THIRUVANANTHAPURAM: With doubts being raised over genuine landholders in Vattavada-Kottakamboor villages in Idukki, the ministerial team that visited the region has decided to recommend a comprehensive survey to identify the real farmers who have proper documents. Apart from this, the team comprising Revenue Minister E Chandrasekharan, Forest Minister K Raju and Electricity Minister M M Mani will also suggest to the government a resurvey of the whole region, a move that has been stalled many times.

The survey is to identify the legacy of the settlers, which will help to find out the real settlers in the region, highly placed sources in the revenue department said. Having a multidisciplinary approach, the survey is to be held in association with the departments of revenue, panchayat, survey, health, home and social justice, the sources said.

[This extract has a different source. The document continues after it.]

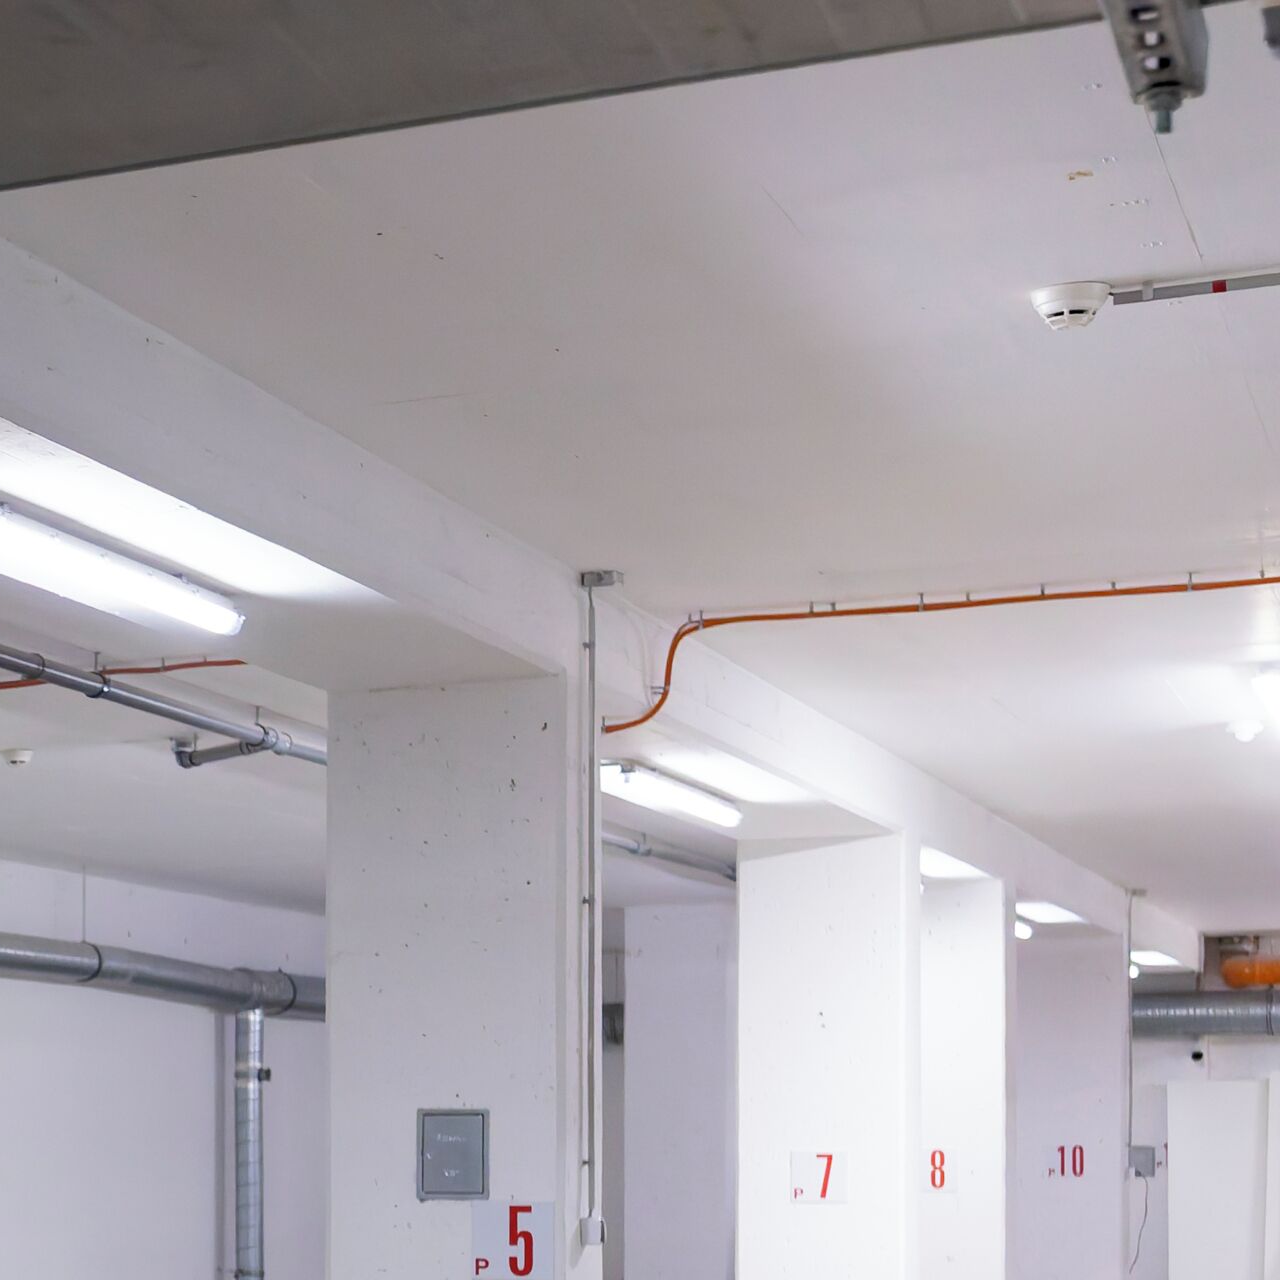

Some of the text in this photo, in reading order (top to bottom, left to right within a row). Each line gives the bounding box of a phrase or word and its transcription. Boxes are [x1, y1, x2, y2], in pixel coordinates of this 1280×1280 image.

[816, 1154, 832, 1198] 7
[930, 1150, 945, 1188] 8
[1058, 1145, 1084, 1177] 10
[475, 1205, 533, 1276] P 5

With respect to the home department’s role in the survey, the sources said it could identify whether the farmers who claim to be the real settlers have any land in Tamil Nadu and for how long they have been staying in a particular area. If the people have availed of any welfare benefits, they could be traced through the social justice department. All the departments can help a great deal in finding out the settlers with real roots, the sources said.

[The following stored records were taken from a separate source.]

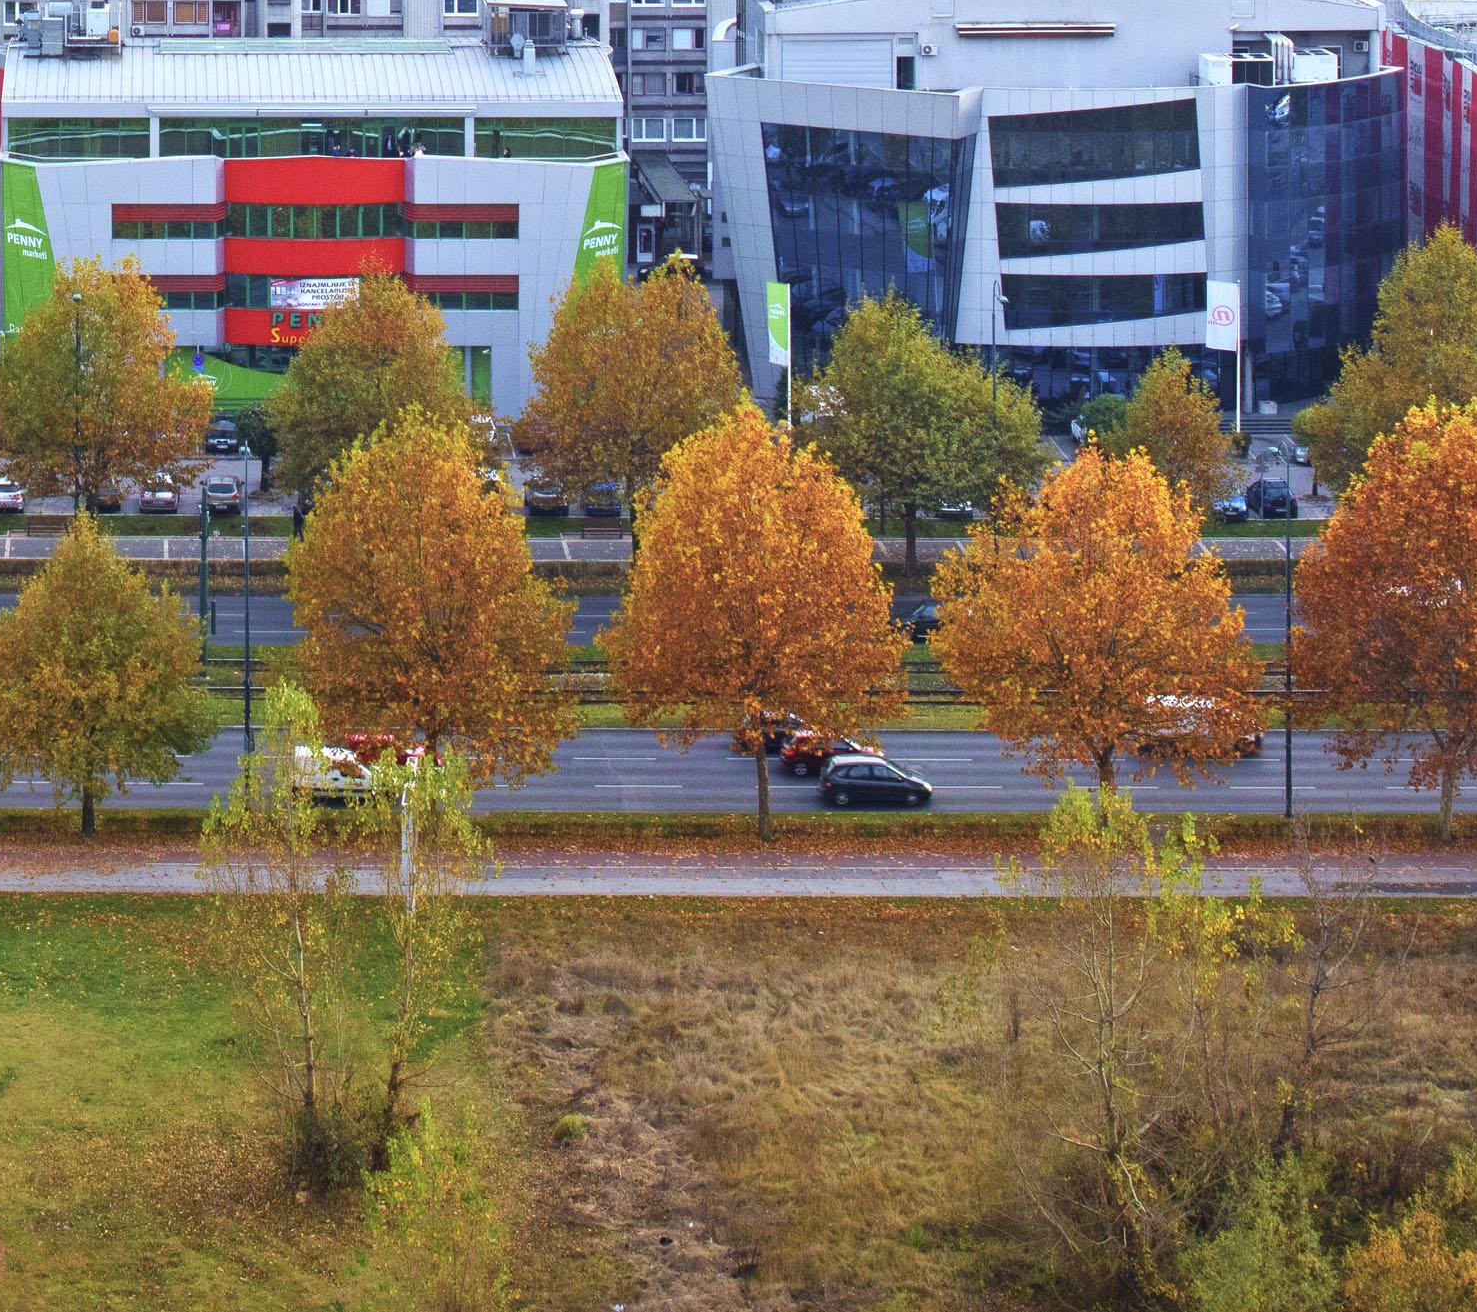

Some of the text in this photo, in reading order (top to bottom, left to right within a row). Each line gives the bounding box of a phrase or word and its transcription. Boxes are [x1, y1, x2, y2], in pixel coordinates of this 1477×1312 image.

[7, 233, 43, 249] PENNY
[583, 233, 618, 250] PENNY
[271, 311, 324, 329] PEN
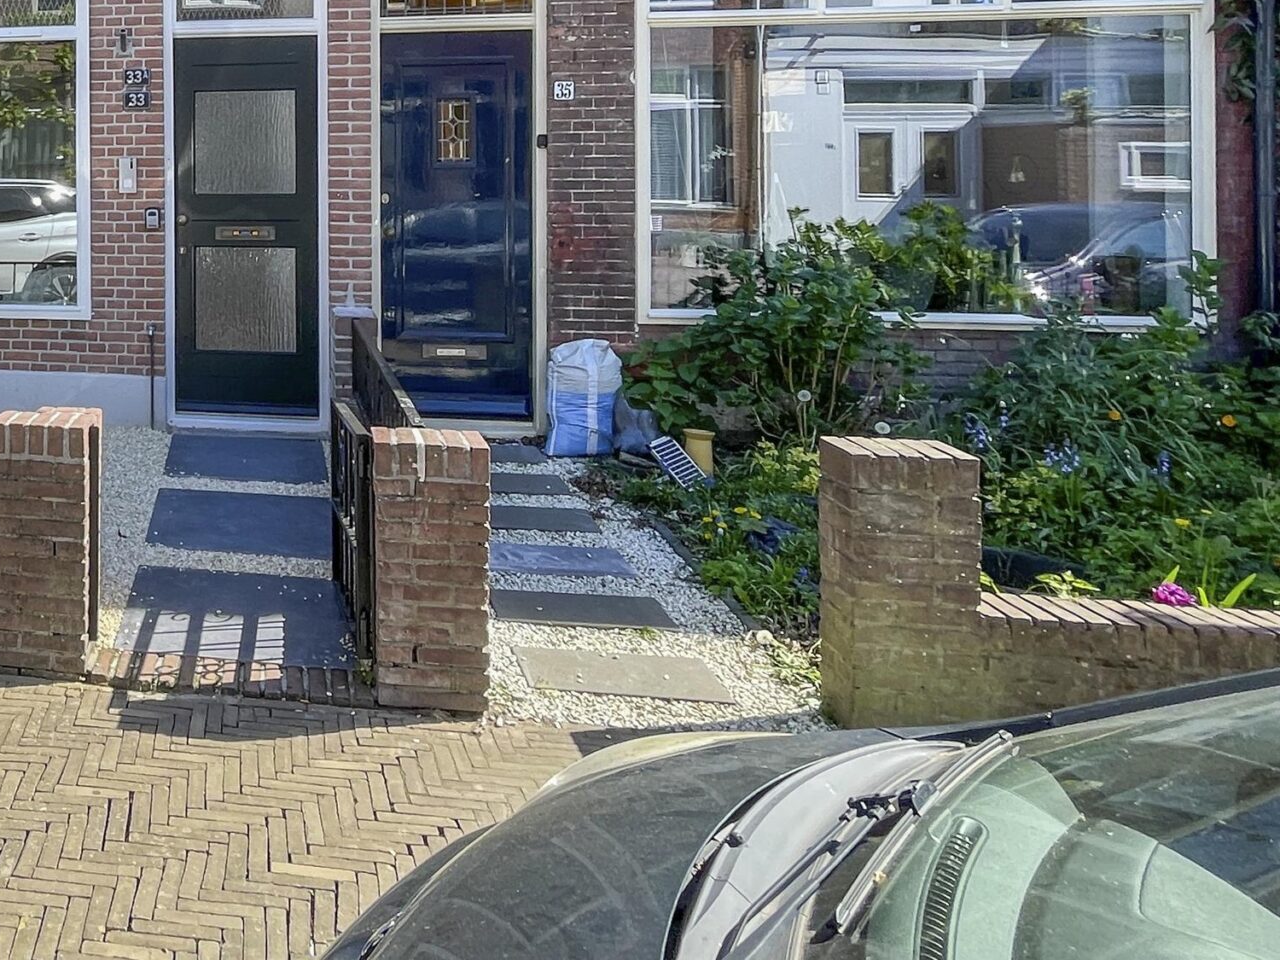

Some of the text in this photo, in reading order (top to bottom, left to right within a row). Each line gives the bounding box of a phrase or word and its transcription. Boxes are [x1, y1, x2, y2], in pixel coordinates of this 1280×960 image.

[126, 70, 148, 83] 33A
[556, 82, 572, 98] 35
[128, 93, 145, 106] 33

With resistance against a resurvey being put down during the visit, the ministerial team is likely to submit a proposal for resurvey. The proposed Neelakurinji garden is in blocks 58 and 62 of Vattavada-Kottakamboor villages. A majority of the encroachment is in block 58.The state has declared 3,200 hectares in Kottakamboor and Vattavada villages as the Neelakurinji Sanctuary. However, people’s representatives have claimed that the total area in the two blocks comes to only 2,900 hectares. The sources said that the government was for retaining 3,200 hectares under the sanctuary.

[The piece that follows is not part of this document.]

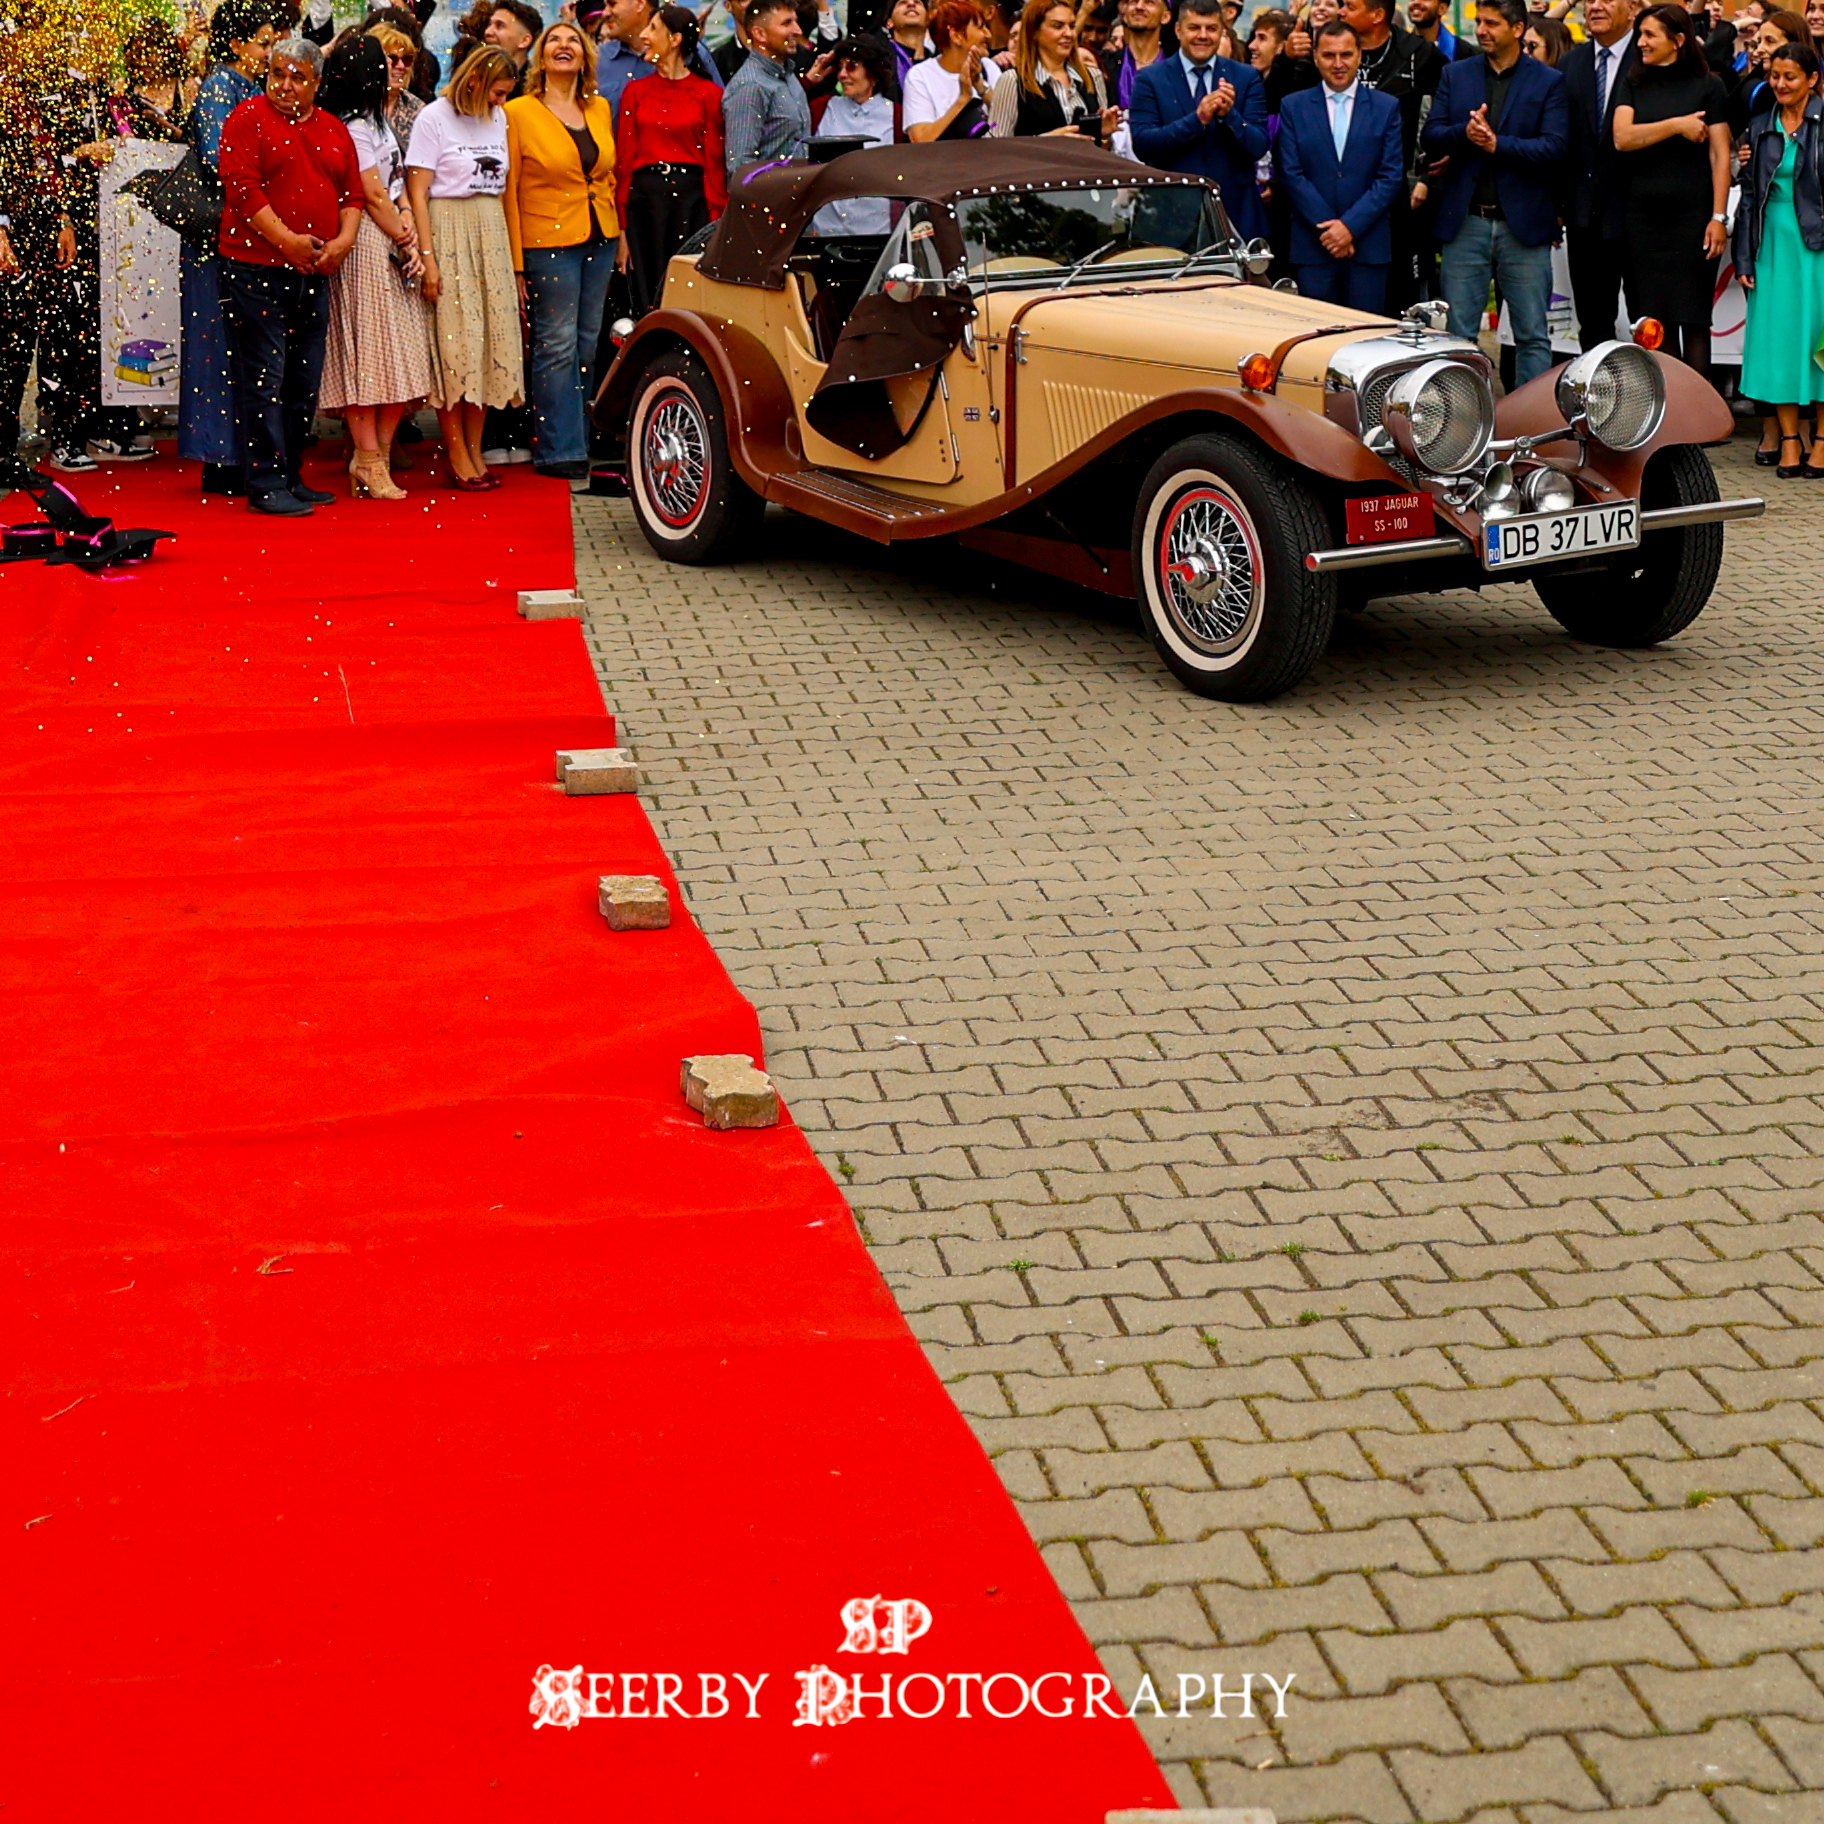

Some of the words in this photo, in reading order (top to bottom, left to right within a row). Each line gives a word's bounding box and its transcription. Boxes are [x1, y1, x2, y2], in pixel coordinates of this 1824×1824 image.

If the extent could not be met in the resurvey, then the government would think of taking up areas in the adjoining blocks of 59, 61 and 63, which have similar agro-climatic conditions. The revenue department is planning to hold a camp sitting by Devikulam sub-collector in Koviloor, Vattavada panchayat, where settlers can produce their documents. If found to be original, the documents will be endorsed in the sitting itself, the sources said. Once the lands are demarcated, these could be avoided from the sanctuary.

The survey is to identify the legacy of the settlers, which will help to find out the real settlers in the region, highly placed sources in the revenue department said. Having a multidisciplinary approach, the survey is to be held in association with the departments of revenue, panchayat, survey, health, home and social justice, the sources said

Chief Minister Pinarayi Vijayan is learnt to have called a high-level meeting in the first week of January 2018 to discuss the suggestions of the ministerial team that visited Vattavada-Kottakamboor villages. The team will submit its recommendations at the meeting. Apart from the ministers, officials from the revenue department and Idukki district will be present at the meeting, which is likely to discuss the steps that have to be taken to protect the Neelakurinji sanctuary.

The ministerial team was constituted at a high-level meeting presided over by the chief minister last month. Another major decision taken at the meeting concerns the resurvey/redefinition of the borders of 3,200 hectares of land notified as the sanctuary. It is in this vast area that the approximately 20 acres of the controversial Kottakamboor land held by MP Joice George’s family falls.